DATA TO PROCESS START
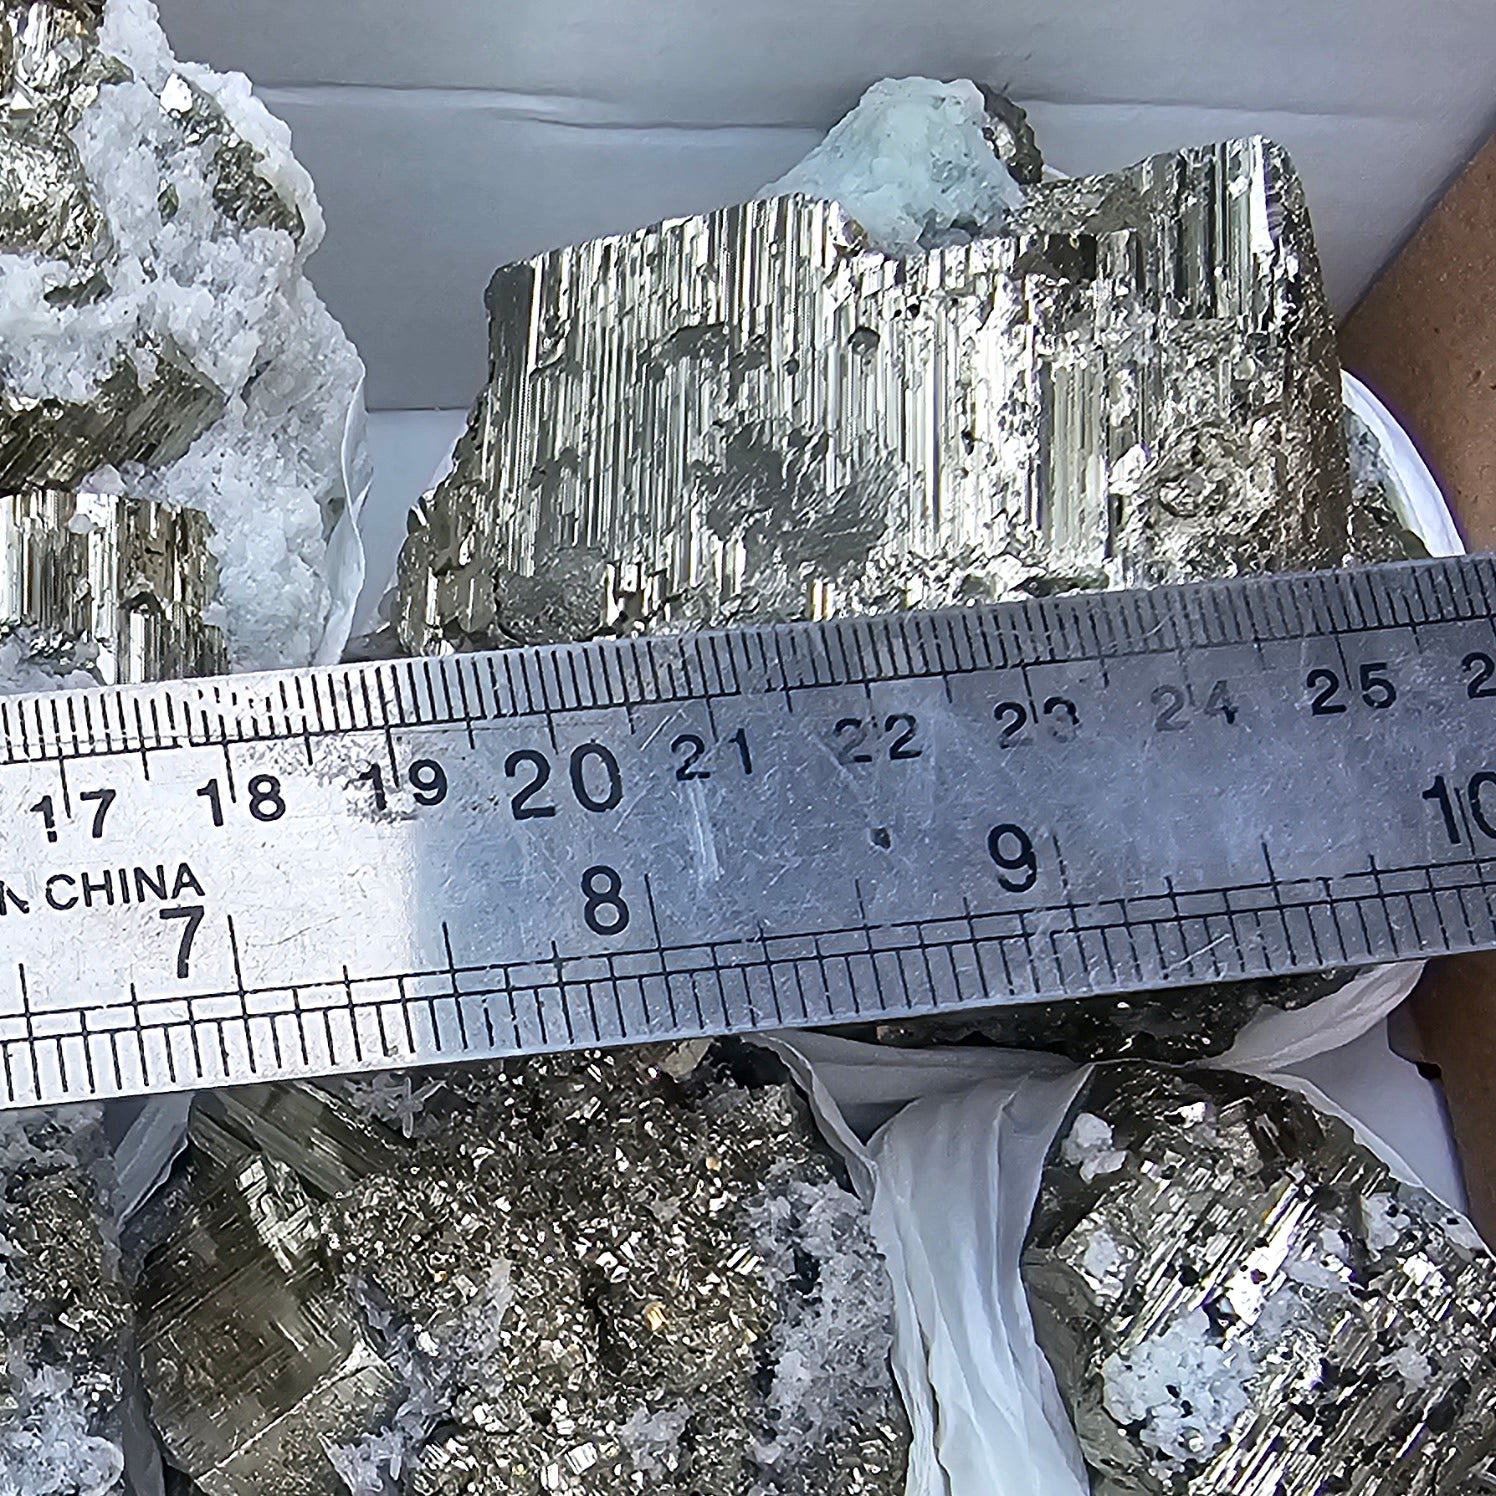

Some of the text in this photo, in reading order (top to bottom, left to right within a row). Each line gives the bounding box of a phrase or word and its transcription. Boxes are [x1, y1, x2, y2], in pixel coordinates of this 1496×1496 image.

[31, 789, 116, 842] 17
[197, 775, 286, 826] 18
[361, 758, 448, 810] 19
[505, 743, 622, 820] 20
[671, 728, 753, 781] 21
[834, 713, 922, 763] 22
[994, 696, 1080, 749] 23
[1151, 681, 1238, 731] 24
[1307, 663, 1397, 715] 25
[45, 862, 205, 911] CHINA
[159, 905, 204, 978] 7
[581, 865, 629, 935] 8
[988, 823, 1038, 893] 9
DATA TO PROCESS END
WORK TO BE COMPLETED -
Please print all the entries exactly as written, but drop the pictures.

ANSWER TO THIS TASK -
Some of the text in this photo, in reading order (top to bottom, left to right within a row). Each line gives the bounding box of a phrase or word and its transcription. Boxes are [x1, y1, x2, y2], in pixel coordinates of this 1496×1496 image.

[31, 789, 116, 842] 17
[197, 775, 286, 826] 18
[361, 758, 448, 810] 19
[505, 743, 622, 820] 20
[671, 728, 753, 781] 21
[834, 713, 922, 763] 22
[994, 696, 1080, 749] 23
[1151, 681, 1238, 731] 24
[1307, 663, 1397, 715] 25
[45, 862, 205, 911] CHINA
[159, 905, 204, 978] 7
[581, 865, 629, 935] 8
[988, 823, 1038, 893] 9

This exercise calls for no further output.